There were various reasons for this. I went to a convent school that did not teach Urdu – we were taught English, Hindi, and Sanskrit. I was taught Urdu at home, but by a series of mullahs whose pedagogic skills and intellect were seriously limited. They spoiled Urdu for me. One of the Hindi teachers in school did something similar: she under-marked me throughout the years for not writing ‘chaste Hindi.’ What I spoke and wrote as Hindi was basically Hindustani – which, one can argue, is the mixed spoken language that both ‘chaste Hindi’ and ‘chaste Urdu’ merge into in real life. Between them, such teachers made me dislike both Urdu and Hindi for years, and I overcame my dislike only in college: I sometimes suspect that my choice of English as my language of creativity has a lot to do with the fact that English was neutral territory for me. It had not been booby-trapped by politics and religion.
Of course, even a cursory glance at history discloses that, to a large extent, the division between Urdu and Hindi is a 19th and 20th century political creation. Gandhiji wanted the national language of India to be ‘Hindustani,’ written in both the scripts, probably because he was vaguely aware of what had been happening.
What had been happening was the creation of a political divide between Hindus and Muslims as segregated, exclusive communities. Now, no one has ever argued that Muslims and Hindus lived in total amity before the British inserted their two-nation theories into middle class Indian minds. But it was seldom that Muslims and Hindus fought as exclusive communities, and their cultural and even religious practices – except in the top classes (and often not even there, as was the case with many Mughal and Rajput families) – were not exclusive either. But by the 19th century, educated discourse in India – on all sides – had started slipping away from a proper recognition of our mixed heritages.
Perhaps the best illustration of this slippage from a mixed culture to separate ‘Hindu’ and ‘Muslim’ demarcations in India is provided by the fate of Urdu, now considered the language of Muslims, if not that of Pakistan, a country in whose geographical space it was never indigenously spoken before Muslim refugees brought it there in 1947-48. Instead, as Alok Rai (2007) illustrates, Urdu was a language that grew up in India: there is an argument that the word ‘Urdu’, derived from the Turkish word for ‘camp’ (which gave us ‘hordes’ in English), denotes a creole language that grew up in Indian army camps, through a mixture of Indian languages with Persian, various Turkic dialects and Arabic. Later, it moved to some Indian courts (both Hindu and Muslim) and became a language of culture. Rai illustrates how the late 19th and early 20th century division between Muslim-Urdu and Hindu-Hindi stranded communities (Hindu and Muslim), and erased at least one script, that did not fit into this evolving binarism.

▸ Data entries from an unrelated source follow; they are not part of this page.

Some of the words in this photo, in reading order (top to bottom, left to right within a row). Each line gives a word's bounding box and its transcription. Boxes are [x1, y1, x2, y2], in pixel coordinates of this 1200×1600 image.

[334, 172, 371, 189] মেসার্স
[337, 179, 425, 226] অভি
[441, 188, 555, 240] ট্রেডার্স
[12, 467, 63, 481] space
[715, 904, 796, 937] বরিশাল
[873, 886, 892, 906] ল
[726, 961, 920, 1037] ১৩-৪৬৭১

Another revealing anecdote is provided by Harish Trivedi, when he discusses why Harivansh Rai Bachchan, the major modernist poet of Hindi, needed to use Scott Fitzgerald’s English transcreation of Omar Khayyam’s Persian long poem, Rubaiyat, in order to translate the latter into Hindi. Bachchan came from a Hindu caste that was fluent in Urdu, as was he himself, and both his grandfathers knew Persian; the family copies of Ramacharitamanas existed in Persian. Despite this, within a generation, by the first half of the 20th century, families like Bachchan’s had lost what came to be seen as exclusively ‘Muslim’ elements – and Bachchan had to take recourse to a creative English translation of a text written in a language known to his family (Trivedi, 1995: 37-9).

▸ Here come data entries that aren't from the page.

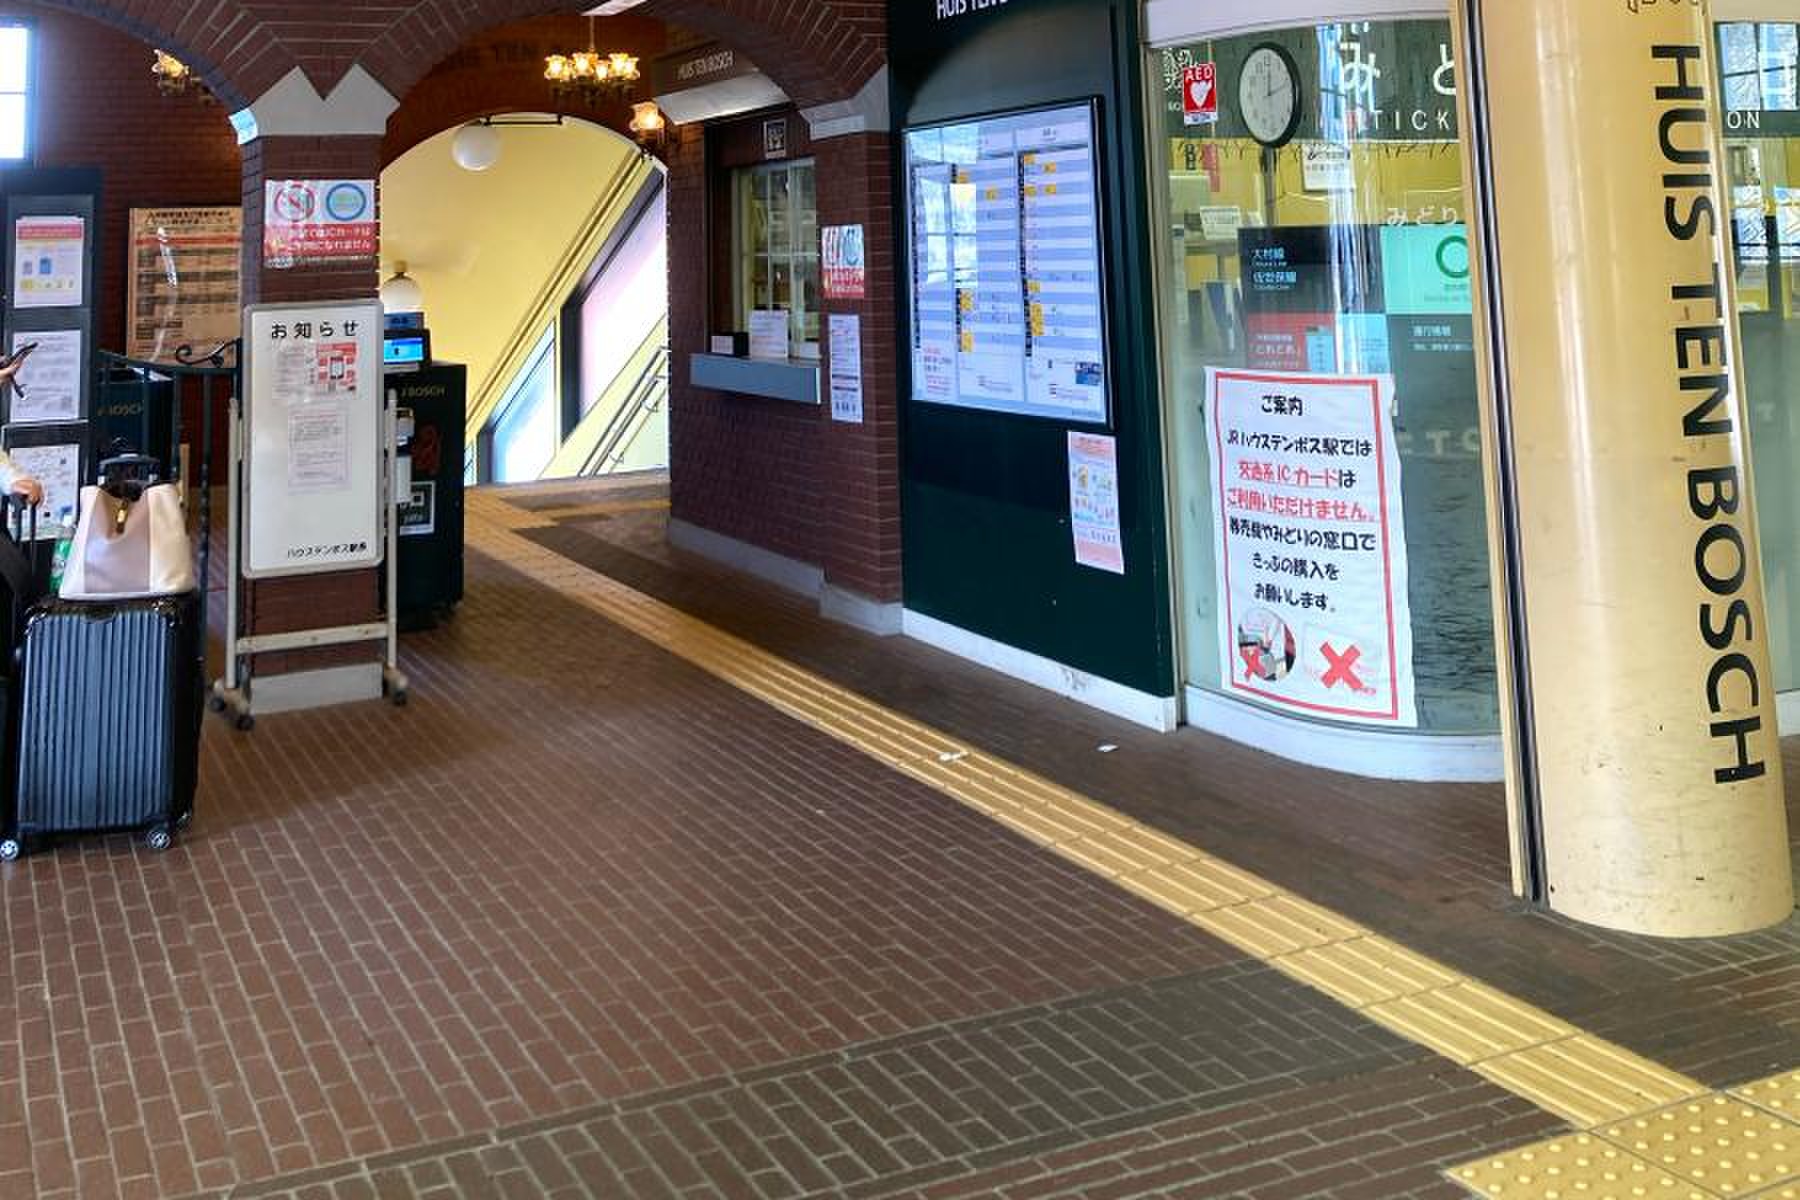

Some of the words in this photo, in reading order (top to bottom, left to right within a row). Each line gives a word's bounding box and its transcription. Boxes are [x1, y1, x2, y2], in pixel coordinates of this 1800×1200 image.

[1185, 64, 1213, 84] AED
[1651, 45, 1715, 242] HUIS
[271, 320, 360, 340] お知らせ
[1671, 262, 1732, 438] TEN
[1260, 395, 1303, 416] ご案内
[1229, 515, 1377, 551] 券売機やみどりの窓口で
[1252, 551, 1340, 581] きっぷの購入を
[1253, 582, 1337, 613] お願いします。
[1687, 466, 1767, 784] BOSCH

I was born at the end of this long and sad bout of mutual amnesia. Just as Bachchan had to read Rubaiyat in English translation, I had to read Ghalib in Devnagari script. Not a translation though; I still spoke and understood large chunks of ‘chaste Urdu’ too. But Devnagari was my second script (Roman/English being the first), because I had taken many exams in it, despite the discouraging grades given by my Hindi teacher.
I do not rehearse this imbrication of cultural and personal history to lament or accuse. I do so in order to point out that we have an option in front of us: Read Urdu in the Devnagari script. This suggestion is anathema to some Urdu purists, usually religious ones. But it is not that radical: Urdu sounds can far more easily be recreated in Devnagari than in the Roman script, and both Urdu and Hindi are rooted in not just spoken Hindustani but also the Indo-European family of languages. Persian, which forms the main ‘foreign’ element in Urdu, is an Indo-European language, like Sanskrit. The grammar of Urdu descends from the Indo-European tree, which includes Persian and Sanskrit as early branches, not from Arabic or Semitic languages. Its sounds are easily replicable in Devnagari.

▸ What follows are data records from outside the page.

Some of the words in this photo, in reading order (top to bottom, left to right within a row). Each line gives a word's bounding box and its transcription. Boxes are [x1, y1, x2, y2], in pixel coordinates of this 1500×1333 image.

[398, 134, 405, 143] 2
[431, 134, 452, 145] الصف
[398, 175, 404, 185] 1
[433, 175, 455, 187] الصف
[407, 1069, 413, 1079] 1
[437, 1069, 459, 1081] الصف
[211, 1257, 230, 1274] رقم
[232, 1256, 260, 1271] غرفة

Take these immortal lines by Faiz Ahmed Faiz:
‘ये दाग़ दाग़ उजाला, ये शब-गज़ीदा सहर
वो इन्तज़ार था जिस का, ये वो सहर तो नहीं’
Simply transcribing such lines enables them to be read by people who cannot read the ‘traditional’ Arabic-Urdu script, and much better than this version, for instance: ‘Ye daagh daagh ujaala, ye shab-gazeeda sahar…’ In the case of a poet like Ghalib, an occasional footnote will be required (and is required for most contemporary Urdu readers too, in any case), but that is all. Basically a change of script will make most of Urdu literature accessible to around seventy percent of literate India, keeping in mind the fact that more literate Indians can read Devnagari than ordinary Indians can speak Hindi.
The transcription of Urdu literature into Devnagari will build on the great interest that many non-Urdu readers have in Urdu literature, particularly its poetry. It has been one of the oversights of Urdu speakers in India to fail to build on this interest, which once totally dominated the lyric world of Bombay films, and is still quite strong – as the immense popularity of Urdu poets like Gulzar and Javed Akhtar indicates.
To transcribe Urdu into Devnagari will give a new lease of life to its literature. The major Urdu writer, Abdus Samad, once told me, when asked about the readership of contemporary Urdu fiction in India, that perhaps the only serious readers left are those who write fiction in Urdu themselves. I am sure this sad situation would change if Urdu literature was made available in Devnagari.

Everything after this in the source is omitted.